Spatial localization data
• • • •

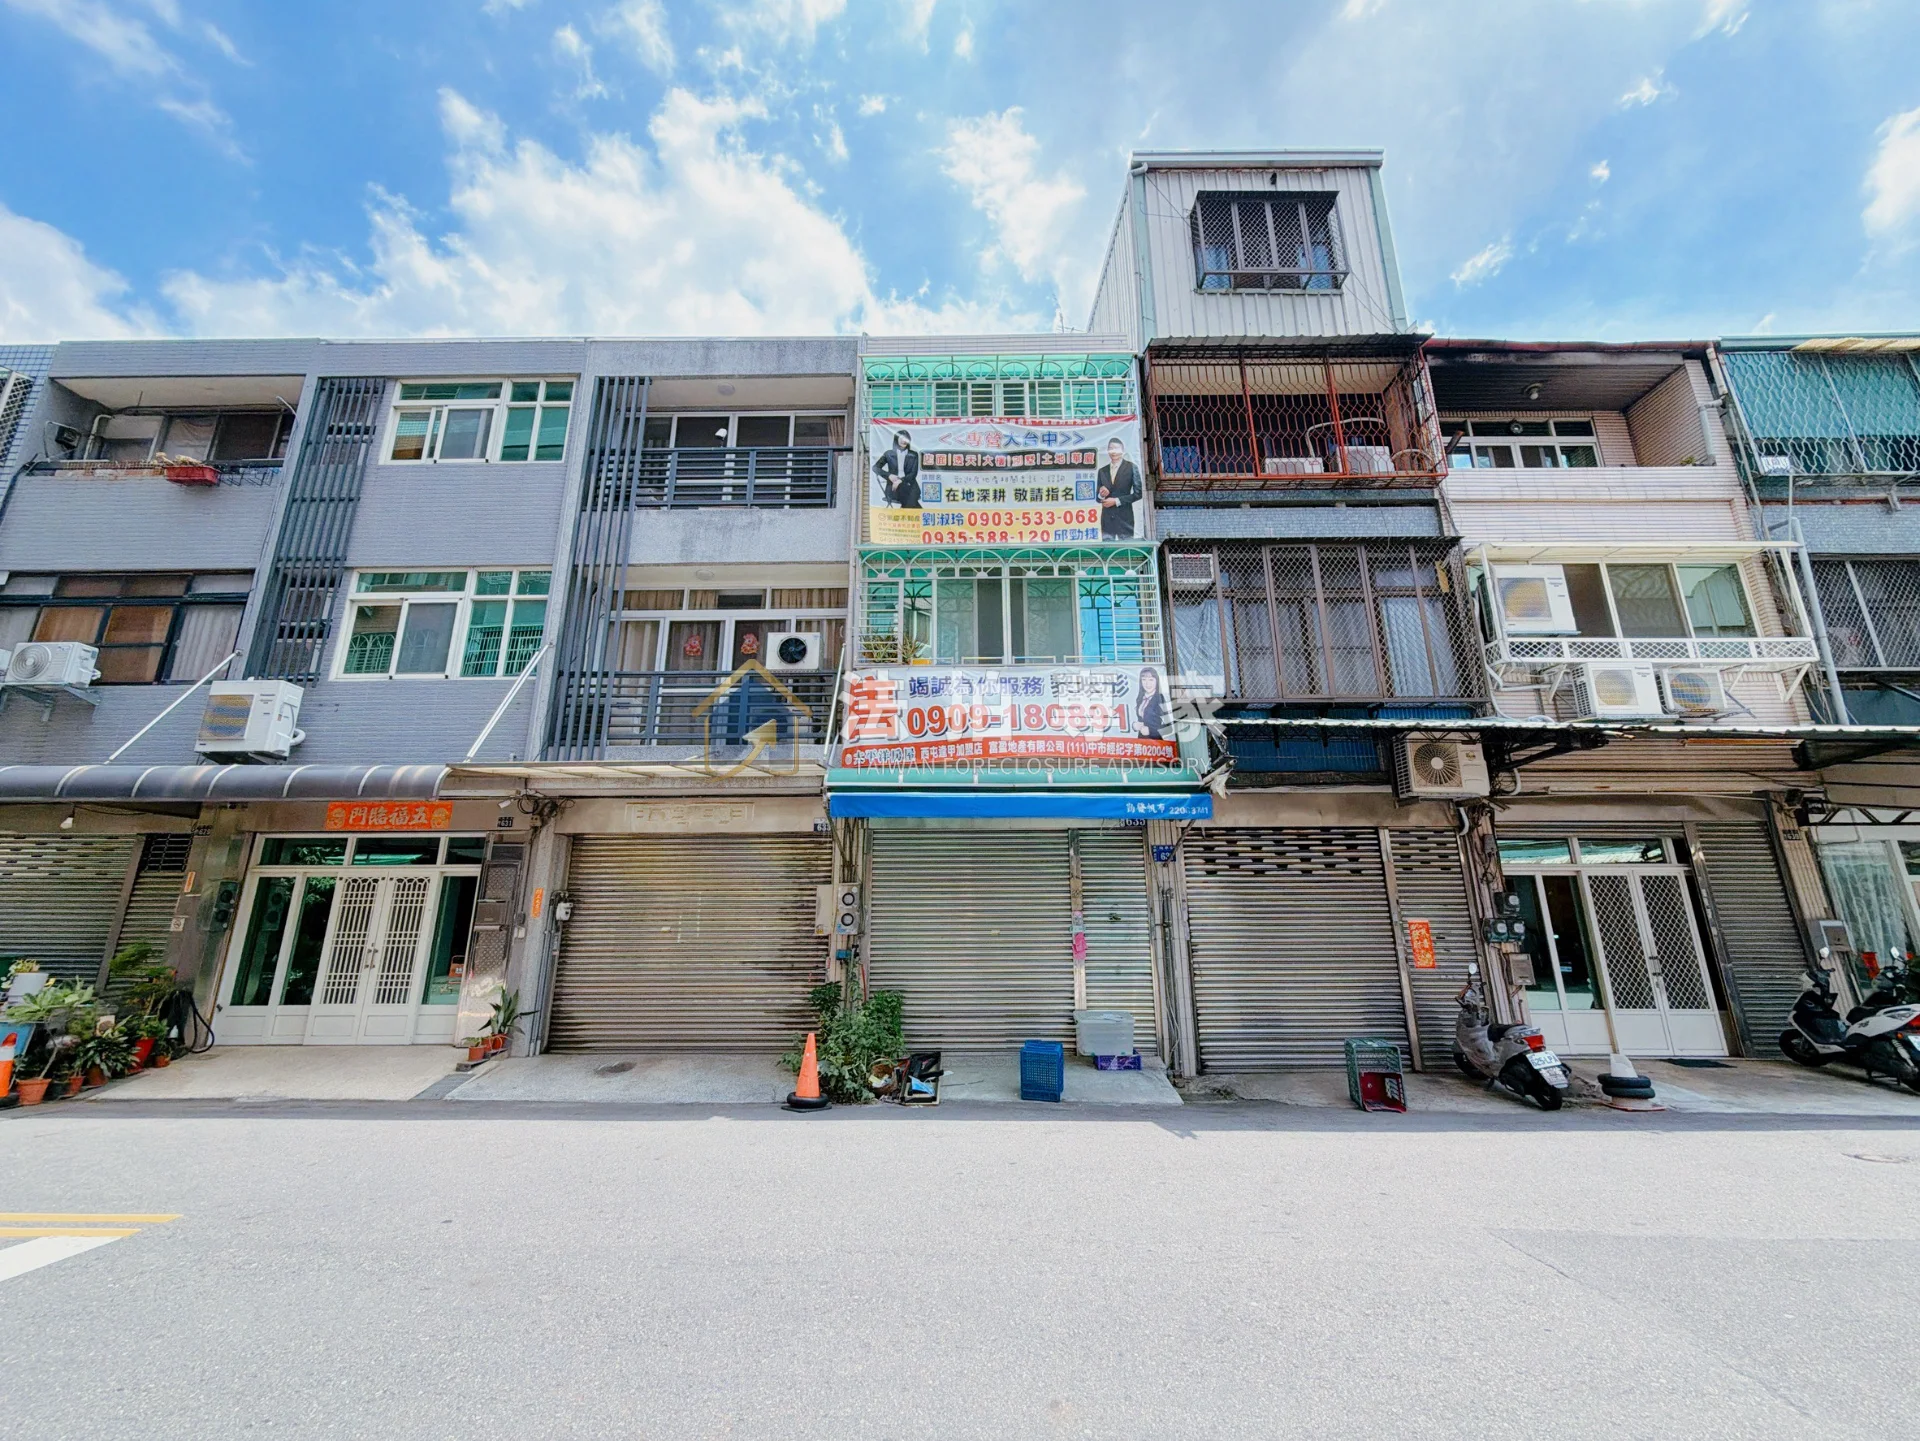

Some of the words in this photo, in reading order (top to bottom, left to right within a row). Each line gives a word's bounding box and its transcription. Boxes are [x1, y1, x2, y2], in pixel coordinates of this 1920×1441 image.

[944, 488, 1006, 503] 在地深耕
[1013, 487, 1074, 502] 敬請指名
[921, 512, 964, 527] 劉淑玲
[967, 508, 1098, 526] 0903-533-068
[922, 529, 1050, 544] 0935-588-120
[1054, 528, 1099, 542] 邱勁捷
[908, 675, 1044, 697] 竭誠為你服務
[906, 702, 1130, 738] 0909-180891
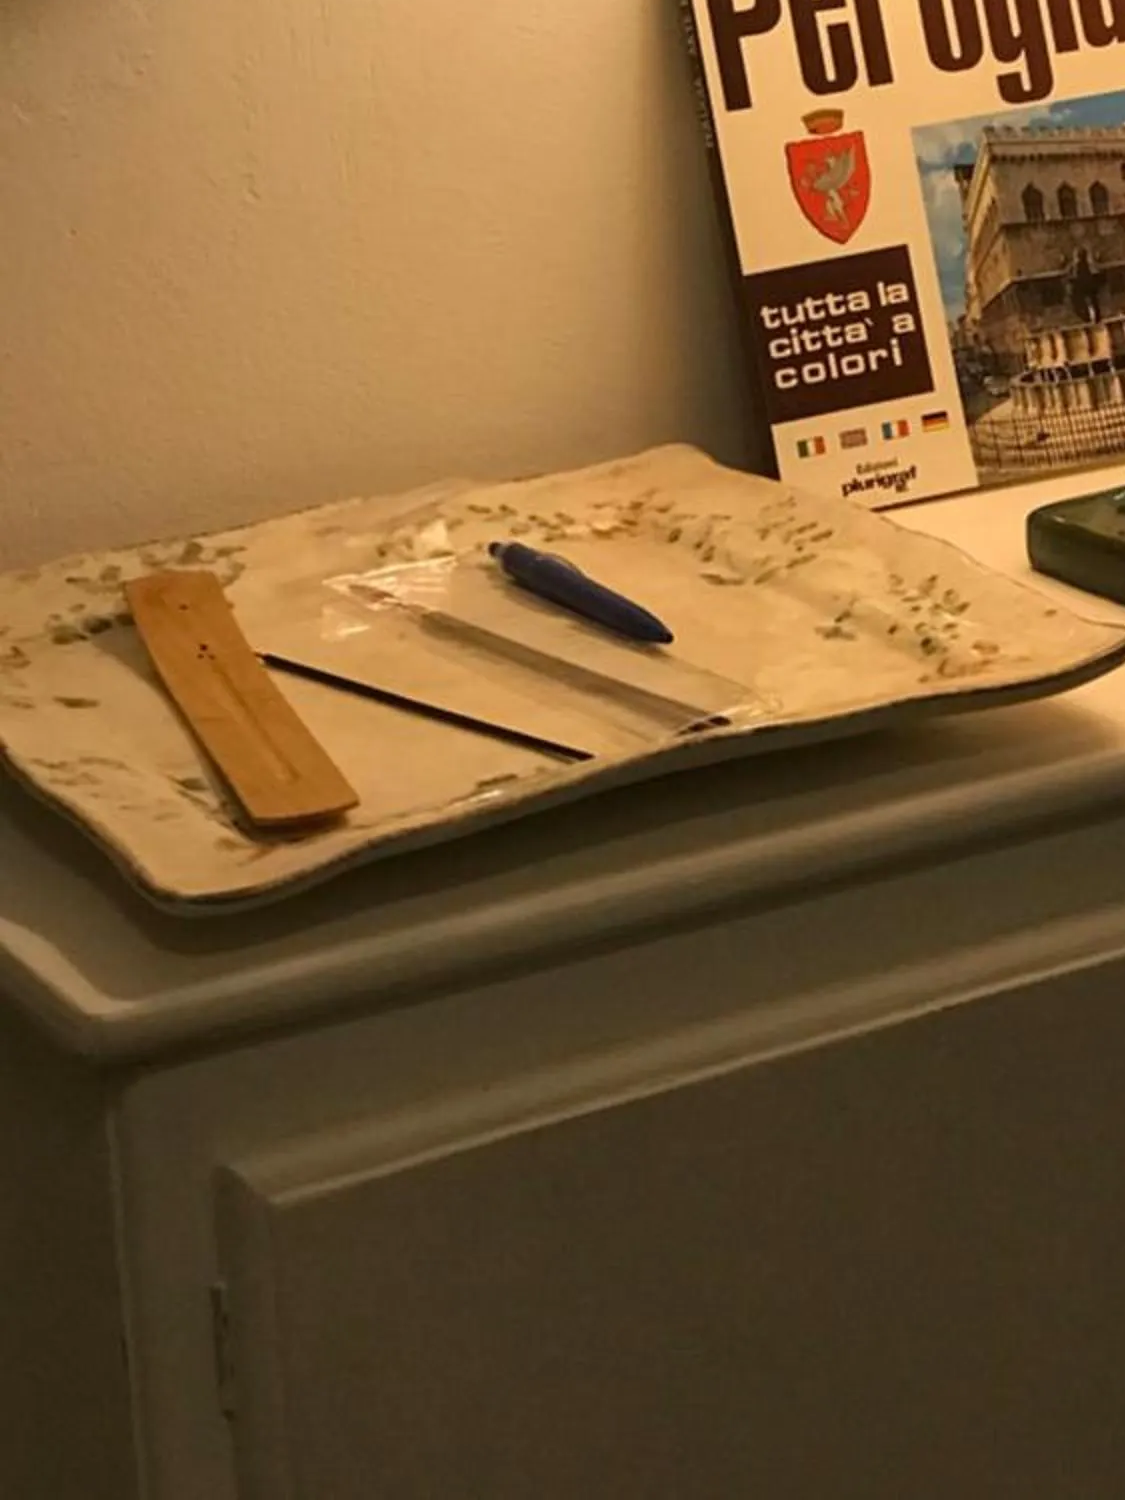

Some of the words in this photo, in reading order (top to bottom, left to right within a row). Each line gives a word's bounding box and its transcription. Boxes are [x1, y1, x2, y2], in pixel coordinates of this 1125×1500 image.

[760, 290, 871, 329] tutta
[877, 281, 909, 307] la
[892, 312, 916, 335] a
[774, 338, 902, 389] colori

• • • •

§ WORK REQUIRED: Word for word, restate the lines running from the one containing "this 1125×1500 image." through the final line of the records above, and nothing besides.

§ RESULT OF THIS TASK:
Some of the words in this photo, in reading order (top to bottom, left to right within a row). Each line gives a word's bounding box and its transcription. Boxes are [x1, y1, x2, y2], in pixel coordinates of this 1125×1500 image.

[760, 290, 871, 329] tutta
[877, 281, 909, 307] la
[892, 312, 916, 335] a
[774, 338, 902, 389] colori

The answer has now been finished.